## WHAT YOU ARE ASKED TO DO:
Reproduce the data that follows character for character, but omit its pictures.

## RECORDED DATA:
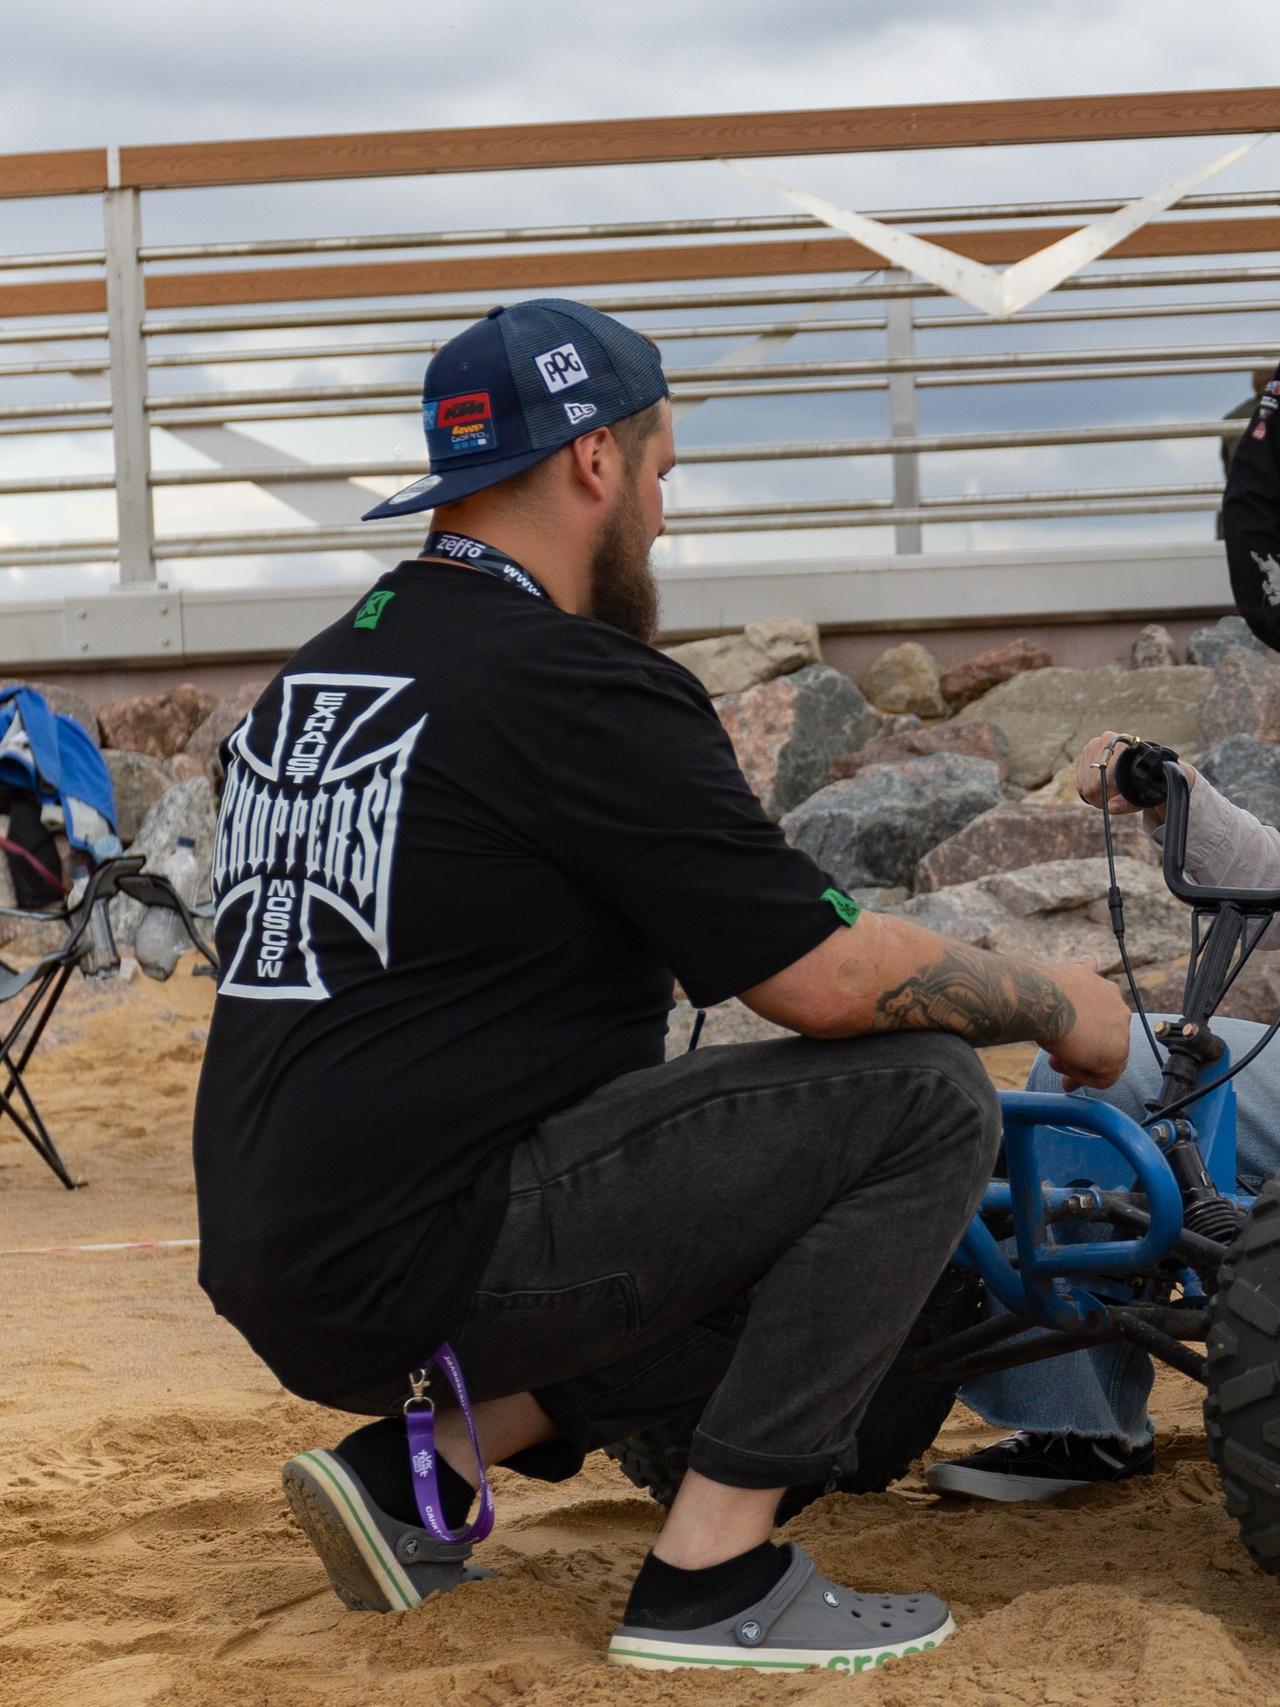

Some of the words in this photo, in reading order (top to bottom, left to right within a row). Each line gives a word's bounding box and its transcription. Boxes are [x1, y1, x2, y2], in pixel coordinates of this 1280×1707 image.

[544, 351, 582, 385] PPG
[285, 691, 347, 784] EXHAUST
[213, 755, 391, 910] CHOPPERS
[258, 879, 297, 978] MOSCOW

## TASK RESPONSE:
Some of the words in this photo, in reading order (top to bottom, left to right within a row). Each line gives a word's bounding box and its transcription. Boxes are [x1, y1, x2, y2], in pixel coordinates of this 1280×1707 image.

[544, 351, 582, 385] PPG
[285, 691, 347, 784] EXHAUST
[213, 755, 391, 910] CHOPPERS
[258, 879, 297, 978] MOSCOW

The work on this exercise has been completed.